This is part four of a series of posts covering the Elf Assembly branding project:
- Part one: No elf control | Designing a Christmas Brand
- Part two: What’s in a name? Everything, actually
- Part three: Decisions, dead ends, and direction changes
There was a clear moment when Elf Assembly stopped being a design project and became an exercise in delivery. Once the brand guidelines were locked and my focus shifted almost entirely to the website, the work changed pace. Exploration gave way to execution. Every decision now had a direct consequence in terms of time, scope, and viability. From that point on, the question was no longer what could this be? but what does this need to be in order to launch?
The website became the non-negotiable.
It needed to feel fully realised, not just visually, but structurally. No dead ends. No placeholder pages. Complete navigation. SEO in place. Content that could stand up to a reasonable level of scrutiny. If the site felt thin or unfinished, the entire premise of the project could collapse.
Alongside that, the social launch posts were essential. Without them, the project would exist in isolation. The launch was not an afterthought, it was part of the work. Everything else became optional by comparison.
What didn’t get assembled
The biggest cut back in deliverables came from the internal-facing elements.
Earlier plans had included wider use of the elf characters across badges, posters, workbooks, and merchandise mockups. In reality, most of that work never happened. The characters were eventually limited to a small set of poster designs, where they could exist without undermining the more grounded tone of the public-facing brand.
This was not a creative decision so much as a practical one. But with the very tight dealine (and Christmas looming) something had to give.

One of the more unexpected challenges was the sheer effort that the website demanded.
What I initially assumed could be handled within a relatively small number of pages quickly expanded. The ideas I wanted to communicate, around structure, values, departments, and realism, needed space. Content that felt cramped on a single page had to be broken out into dedicated sections.
Each new page brought knock-on effects. New visuals. More internal linking. Additional SEO work. More time. The site wasn’t becoming complicated for the sake of it. It was growing out of necessity but that came at a cost.
Decisions made because of time constraints
Several compromises were made purely to meet the deadline. I had intended to publish all of the process blog posts alongside the launch. Those were pushed back. I wanted to revisit and refine some of the AI-generated imagery to bring it closer to my original vision. That didn’t happen. The images were good enough for the purpose of the project, even if they weren’t ideal.
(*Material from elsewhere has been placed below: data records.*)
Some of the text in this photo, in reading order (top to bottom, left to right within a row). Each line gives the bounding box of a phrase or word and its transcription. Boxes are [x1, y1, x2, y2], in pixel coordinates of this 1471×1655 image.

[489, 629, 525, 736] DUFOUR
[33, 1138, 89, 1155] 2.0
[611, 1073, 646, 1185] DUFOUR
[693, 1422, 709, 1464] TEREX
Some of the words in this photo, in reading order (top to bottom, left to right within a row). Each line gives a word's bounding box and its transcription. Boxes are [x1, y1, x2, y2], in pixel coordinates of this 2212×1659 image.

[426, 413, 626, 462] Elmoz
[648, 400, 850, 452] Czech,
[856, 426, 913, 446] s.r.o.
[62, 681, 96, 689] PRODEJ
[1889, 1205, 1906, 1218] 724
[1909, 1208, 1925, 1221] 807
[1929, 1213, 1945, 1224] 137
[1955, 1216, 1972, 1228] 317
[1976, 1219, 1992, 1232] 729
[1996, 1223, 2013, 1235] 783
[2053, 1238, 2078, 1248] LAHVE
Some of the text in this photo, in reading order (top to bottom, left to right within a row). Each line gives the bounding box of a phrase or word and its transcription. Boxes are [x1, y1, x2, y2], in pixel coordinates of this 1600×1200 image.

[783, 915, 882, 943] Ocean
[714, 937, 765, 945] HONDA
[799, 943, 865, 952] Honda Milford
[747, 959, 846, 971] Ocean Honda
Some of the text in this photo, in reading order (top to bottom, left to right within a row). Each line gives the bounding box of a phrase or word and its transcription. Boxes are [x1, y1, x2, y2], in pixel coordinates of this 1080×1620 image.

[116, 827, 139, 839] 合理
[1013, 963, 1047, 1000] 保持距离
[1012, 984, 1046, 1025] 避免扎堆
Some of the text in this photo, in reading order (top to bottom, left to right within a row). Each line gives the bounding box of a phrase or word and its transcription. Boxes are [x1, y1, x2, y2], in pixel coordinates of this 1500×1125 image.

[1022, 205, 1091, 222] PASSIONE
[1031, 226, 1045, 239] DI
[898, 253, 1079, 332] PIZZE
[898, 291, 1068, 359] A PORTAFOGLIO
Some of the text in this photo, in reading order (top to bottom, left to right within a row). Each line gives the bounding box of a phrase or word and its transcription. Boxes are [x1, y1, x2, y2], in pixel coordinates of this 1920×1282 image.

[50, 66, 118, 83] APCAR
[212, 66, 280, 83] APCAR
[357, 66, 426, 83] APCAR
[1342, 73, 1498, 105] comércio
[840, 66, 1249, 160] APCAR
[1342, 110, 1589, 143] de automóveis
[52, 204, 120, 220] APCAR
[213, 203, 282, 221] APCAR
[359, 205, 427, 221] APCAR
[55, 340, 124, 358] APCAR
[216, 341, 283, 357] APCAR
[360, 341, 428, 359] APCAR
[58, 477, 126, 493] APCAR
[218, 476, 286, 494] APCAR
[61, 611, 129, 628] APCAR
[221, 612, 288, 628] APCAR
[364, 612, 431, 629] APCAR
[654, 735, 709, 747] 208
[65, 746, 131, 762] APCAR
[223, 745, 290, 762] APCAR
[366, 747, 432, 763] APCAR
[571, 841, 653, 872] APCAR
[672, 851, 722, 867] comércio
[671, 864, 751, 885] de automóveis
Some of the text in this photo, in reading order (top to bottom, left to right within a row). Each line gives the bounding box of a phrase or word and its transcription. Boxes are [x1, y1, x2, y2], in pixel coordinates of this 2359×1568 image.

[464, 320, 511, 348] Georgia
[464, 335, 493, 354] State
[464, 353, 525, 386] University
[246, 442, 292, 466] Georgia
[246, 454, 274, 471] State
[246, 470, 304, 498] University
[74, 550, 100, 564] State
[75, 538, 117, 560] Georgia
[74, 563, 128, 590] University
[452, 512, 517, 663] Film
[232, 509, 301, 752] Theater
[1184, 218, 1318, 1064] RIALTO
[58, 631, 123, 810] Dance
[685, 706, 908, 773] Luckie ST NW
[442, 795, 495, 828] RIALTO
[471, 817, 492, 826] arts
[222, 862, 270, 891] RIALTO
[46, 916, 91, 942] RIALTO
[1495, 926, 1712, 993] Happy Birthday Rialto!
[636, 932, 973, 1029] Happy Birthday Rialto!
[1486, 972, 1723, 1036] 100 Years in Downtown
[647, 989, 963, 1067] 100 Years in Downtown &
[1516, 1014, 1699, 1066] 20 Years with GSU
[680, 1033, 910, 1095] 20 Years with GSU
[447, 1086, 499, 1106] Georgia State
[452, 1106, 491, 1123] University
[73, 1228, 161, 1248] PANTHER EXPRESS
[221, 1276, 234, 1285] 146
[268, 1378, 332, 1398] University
The most obvious shortcut was the Members section on the site. Originally planned as a detailed area covering membership, roles, training, and benefits, it was reduced to a login page. The link remained in the navigation because it supported the realism of the organisation, but the depth was deferred.
None of these decisions were satisfying, but all of them were defensible. Ultimatley, I needed to know when to stop…
I launched once the website reached a baseline I was comfortable standing behind. It was visually coherent. It met basic accessibility expectations. The SEO foundations were in place. At that point, continued tinkering was no longer improving the project in any meaningful way. I don’t think I was ever emotionally finished with it. But I was confident enough to go live.
Launching (finally)
The overwhelming feeling at launch was relief. The project had grown larger and more consuming than I had anticipated, and pressing publish lifted a weight. I was pleased with the outcome, even though it fell short of the original, idealised version I had imagined at the start.
The response helped. The feedback was genuinely positive, and that external perspective compensated for some of my own perceived shortcomings. It reminded me that projects do not need to be perfect to be effective.
More than anything, the final stretch tested my discipline. It tested my ability to build a functional, visually coherent website quickly. It tested my willingness to adjust expectations and make peace with compromise. It tested my confidence in deciding what mattered most under pressure.
The launch left me with a simple question: was it worth it? And really, the answer is yes.
The project taught me a lot about working for myself, managing my own expectations, and understanding how I perform when the pressure is real and self-imposed. Once again, it reinforced something I’ve learned repeatedly over the years. The most demanding projects often lead to the most rewarding outcomes, even when they take you somewhere slightly different from where you expected to end up.